Darko Kirovski received the Ph.D. degree in computer science from the University of California, Los Angeles, in 2001. Since April 2000, he has been a Researcher at Microsoft Research, Redmond, WA. His research interests include reliable computing, system security, multimedia processing, and embedded system design. He has authored more than 100 journal and conference papers and filed more than 40 patents. Dr. Kirovski received the 1999 Microsoft Graduate Research Fellowship, the 2000 ACM/IEEE Design Automation Conference Graduate Scholarship, the 2001 ACM Outstanding Ph.D. Dissertation Award in Electronic Design Automation, and best paper awards at the ACM Multimedia 2002 and the IEEE MMSP 2006.
Fabien A. P. Petitcolas graduated in 1996 from École Centrale, Lyon, France. He then studied at the University of Cambridge under the guidance of Prof. R. Anderson for a doctorate, which was partly funded by the Intel Corporation and was awarded in 1999 when he joined Microsoft Research. He is with the External Research Office, Microsoft Research, Cambridge, U.K. He heads the Intellectual Capital Development which incorporates a number of programs to support outstanding scientists in Europe, the Middle East, and Africa, including the Microsoft Research European Ph.D. Scholarship and European Fellowship programs. Before joining the External Research Office, he was a Researcher within the Security Research Group.

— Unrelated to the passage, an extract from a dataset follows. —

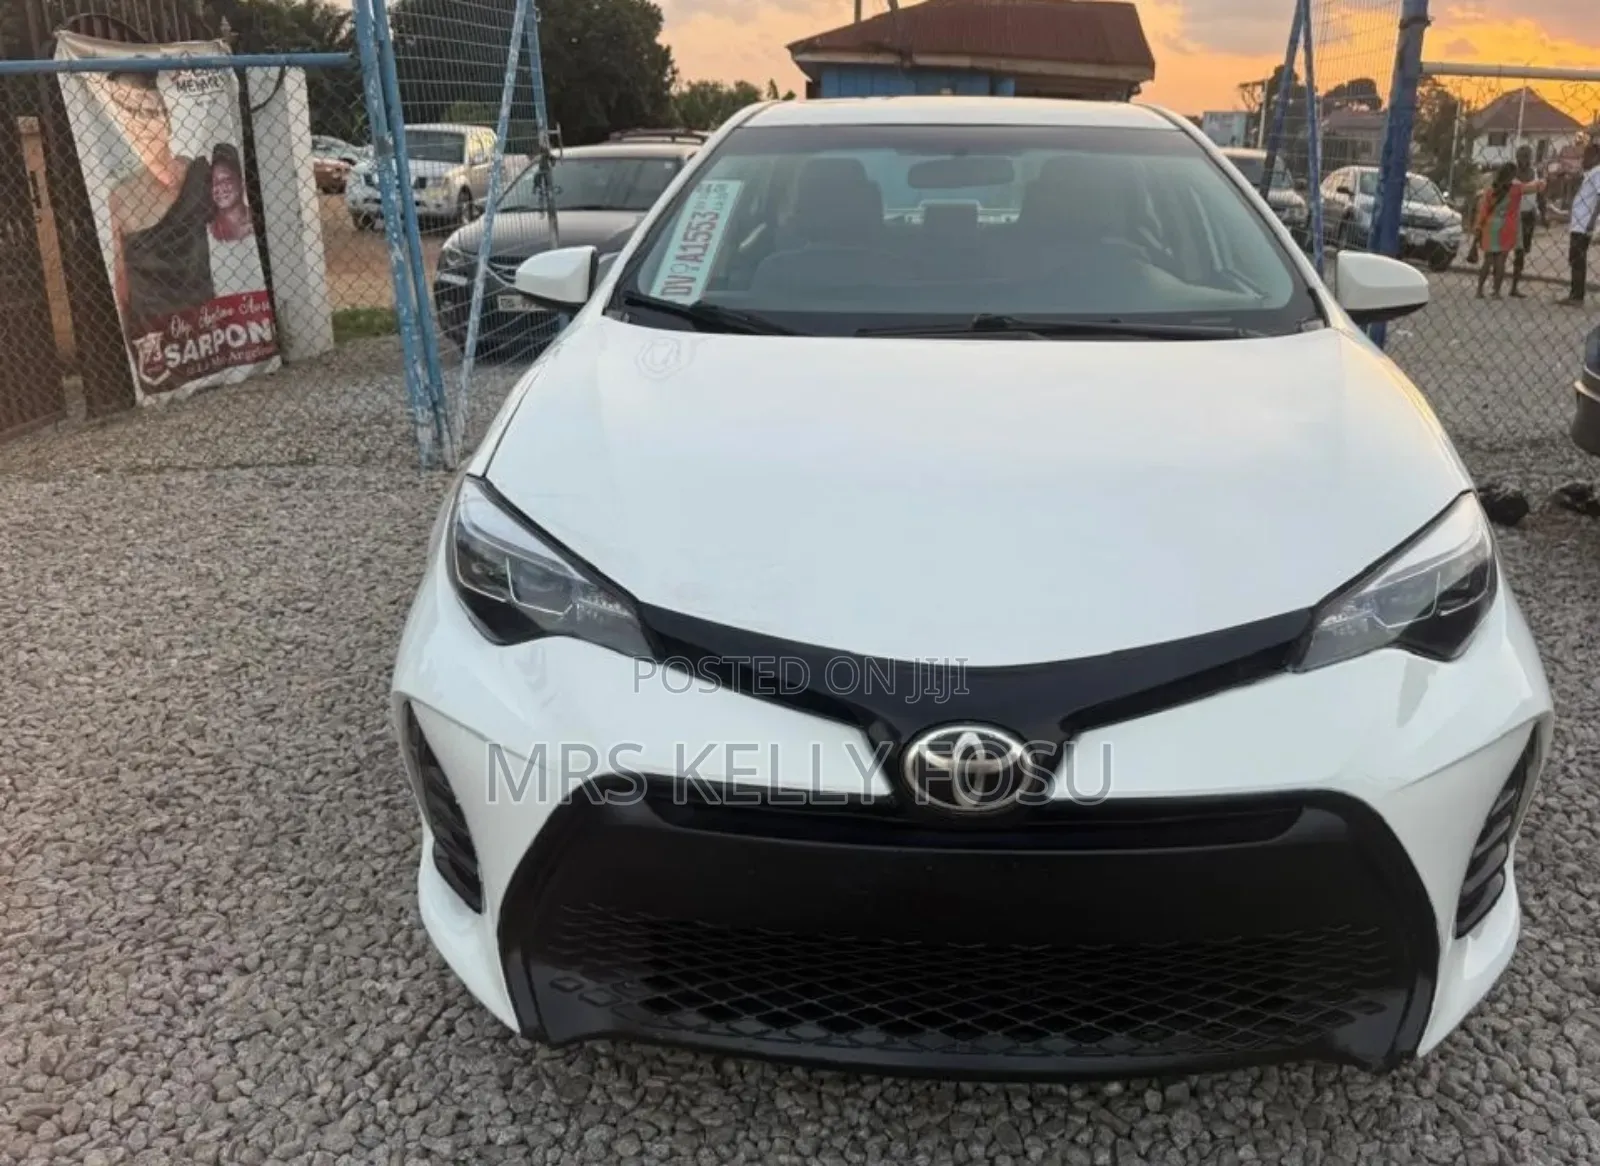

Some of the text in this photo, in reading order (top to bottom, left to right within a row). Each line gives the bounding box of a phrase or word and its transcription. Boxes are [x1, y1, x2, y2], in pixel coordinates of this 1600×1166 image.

Zeph Landau received the Ph.D. degree in mathematics from the University of California, Berkeley, in 1998. Since then, he has had postdoctoral positions in theoretical neuroscience at the University of California. San Francisco, in mathematics at the Mathematical Sciences Research Institute, in quantum computation at University of California. Berkeley, and in signal processing at Microsoft Research (where this work was done). He is currently an Assistant Professor in the Math Department, The City College of New York. His research interests include signal processing, quantum computation, operator algebras, and theoretical neuroscience.